=== Begin Enclosure ===

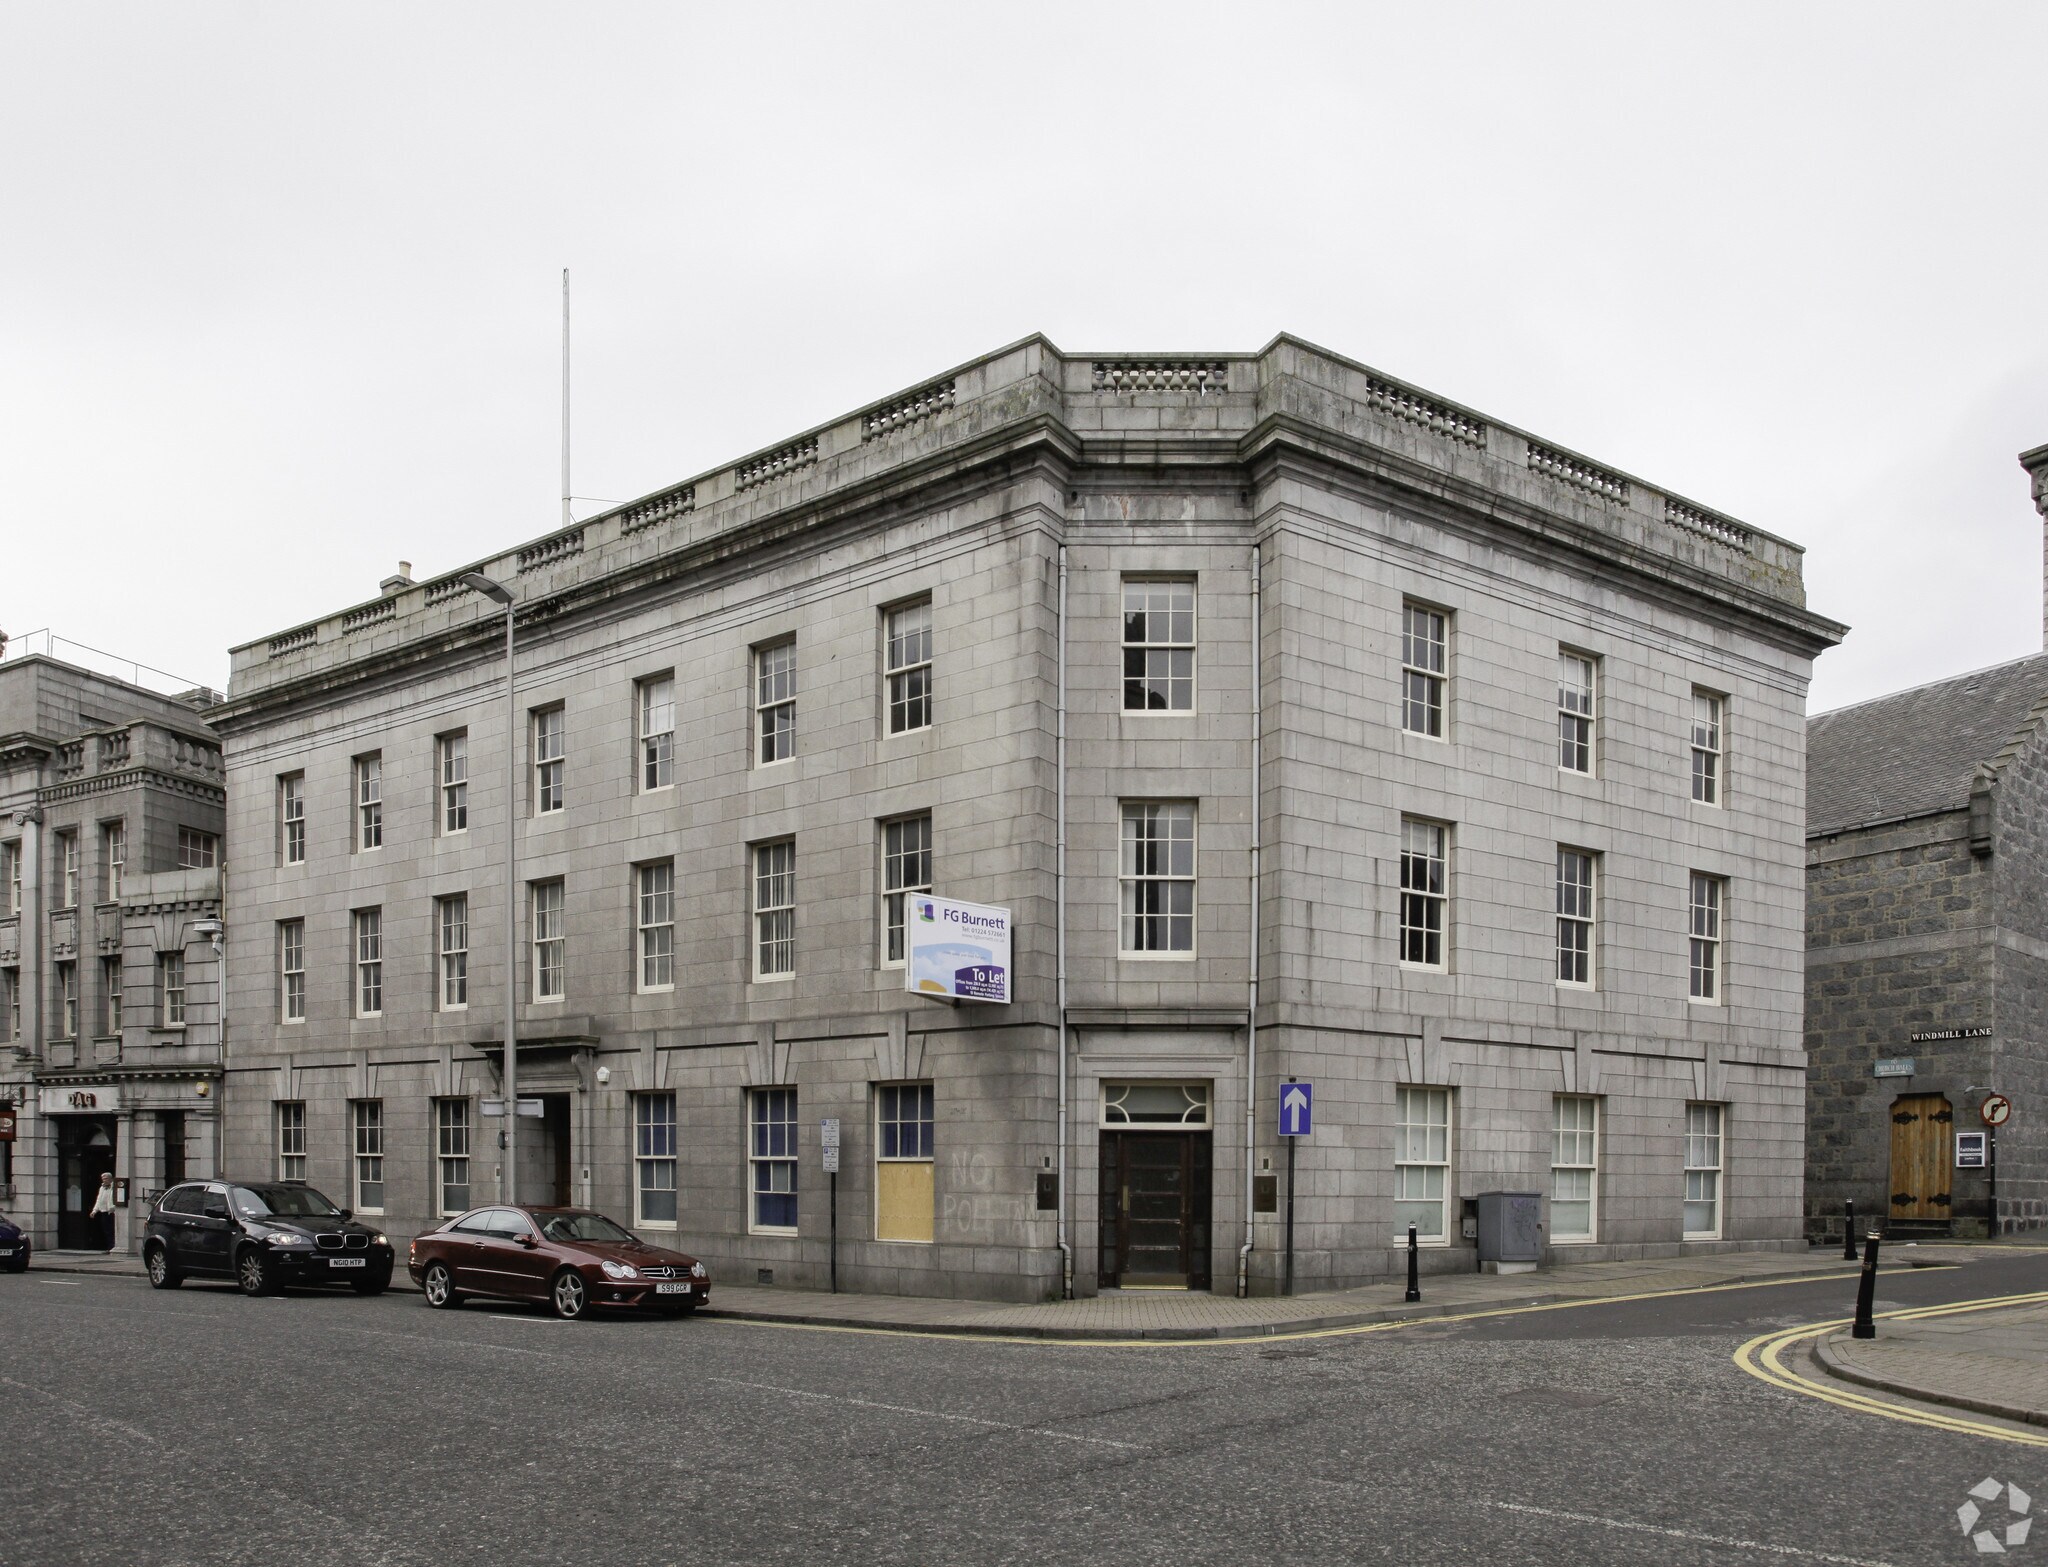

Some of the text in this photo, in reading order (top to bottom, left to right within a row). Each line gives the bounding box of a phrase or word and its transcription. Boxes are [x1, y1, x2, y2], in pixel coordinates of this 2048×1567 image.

[944, 908, 1005, 930] FG Burnett
[972, 968, 1004, 984] To Let
[1912, 1027, 1992, 1041] WINDMILL LANE
[952, 1151, 988, 1186] NO

=== End Enclosure ===

TASK INSTRUCTIONS:
Copy every record exactly as written, leaving out the pictures.

COMPLETED EXERCISE:
Some of the text in this photo, in reading order (top to bottom, left to right within a row). Each line gives the bounding box of a phrase or word and its transcription. Boxes are [x1, y1, x2, y2], in pixel coordinates of this 2048×1567 image.

[944, 908, 1005, 930] FG Burnett
[972, 968, 1004, 984] To Let
[1912, 1027, 1992, 1041] WINDMILL LANE
[952, 1151, 988, 1186] NO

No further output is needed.